まずは、その契機について話したいと思う。それは、つい先日、関西が誇る京阪電鉄特急列車エレガントサルーンこと、臙脂色の8000系に乗車したときのことであった。その車中、手持ち無沙汰な私は、その少し前に再読するために再購入した志賀直哉の代表作が収められている新潮社刊の短編集“小僧の神様・城の崎にて”を鞄から出して開いたときであった。あれ、阪急だったかな。

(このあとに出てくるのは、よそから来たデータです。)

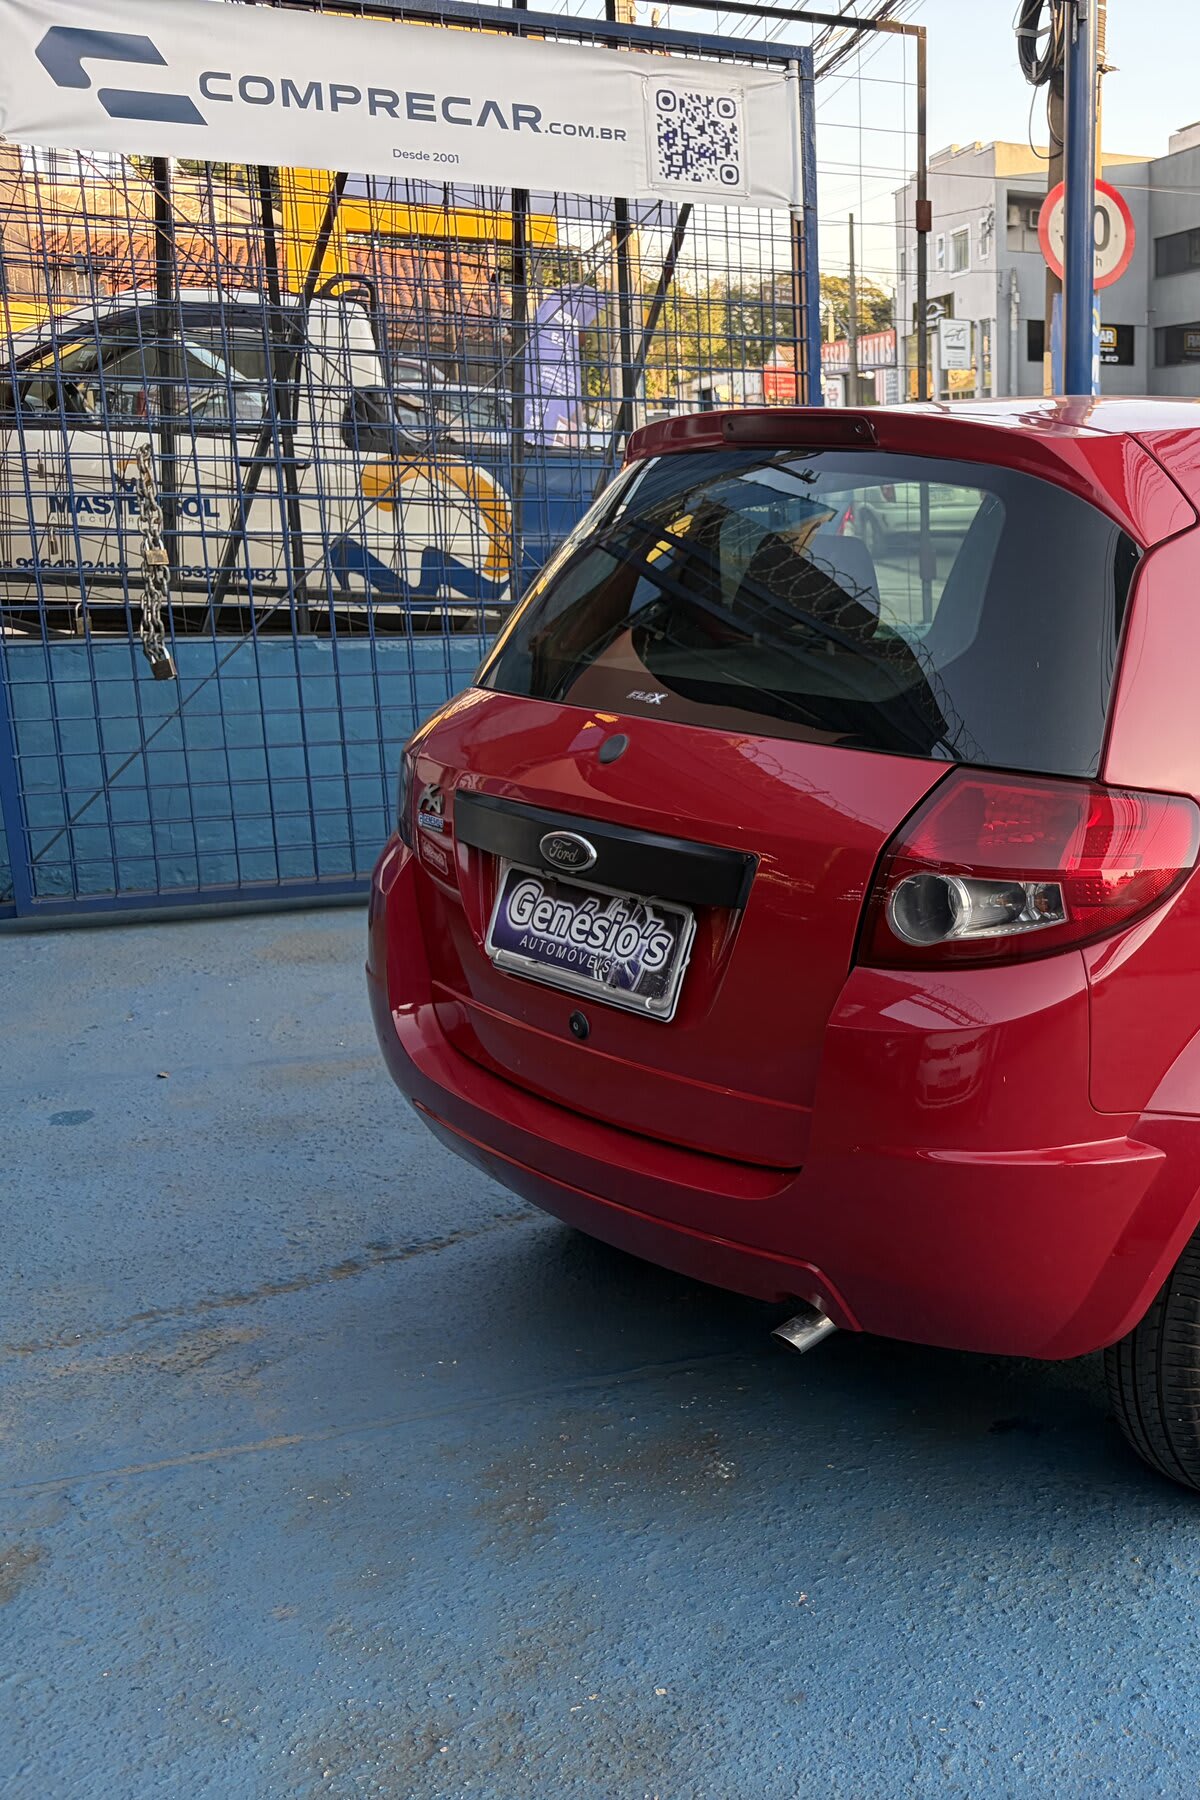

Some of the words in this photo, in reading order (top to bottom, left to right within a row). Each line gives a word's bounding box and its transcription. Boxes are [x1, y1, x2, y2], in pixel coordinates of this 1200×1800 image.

[392, 148, 430, 161] Desde
[433, 153, 460, 164] 2001
[625, 690, 669, 705] FLEX
[549, 838, 579, 863] Ford
[509, 879, 672, 966] Genésio's
[519, 934, 613, 974] AUTOMÓVEIS

それはさておき、冒頭に収められているのは、かの有名な“亡き夏目先生に捧ぐ”である。なんとも挑発的な表題にして、なんとも挑発的な内容である。男尊女卑の残る社会で男根主義と軽いエリート意識をたらふくこさえたまま、大きくなった主人公がその視点から、若かりし頃の屈折した恋愛を綴った作品である。メインヒロインたる女性は、主人公からは隷属した境遇に甘んじる、よく言えば大人しい、主人公視点ではっきり言うと主体性なき女性として描かれている。というか、男根がヒエラルキー社会を理由にあしらわれている小説である。

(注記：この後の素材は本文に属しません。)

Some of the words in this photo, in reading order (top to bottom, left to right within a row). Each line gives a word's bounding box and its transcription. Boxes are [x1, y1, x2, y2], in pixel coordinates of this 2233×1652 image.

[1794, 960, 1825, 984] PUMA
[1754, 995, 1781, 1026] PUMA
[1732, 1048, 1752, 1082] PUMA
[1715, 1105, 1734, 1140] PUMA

まぁ、これがデビュー当時の鼻っ柱の強い“白樺派志賀直哉”の皮肉であり、自重のようなものなのだろう。時代は近代にはいり、相対主義的な風土も少なからず育まれた折である。あまり細かい文学史やイデオロギー闘争の面をかぶったエリートおじさん同士の喧嘩史は当方、細かく抑えていない。ただ概ね、皮肉だけではなく、自重もあるのだろうと思う。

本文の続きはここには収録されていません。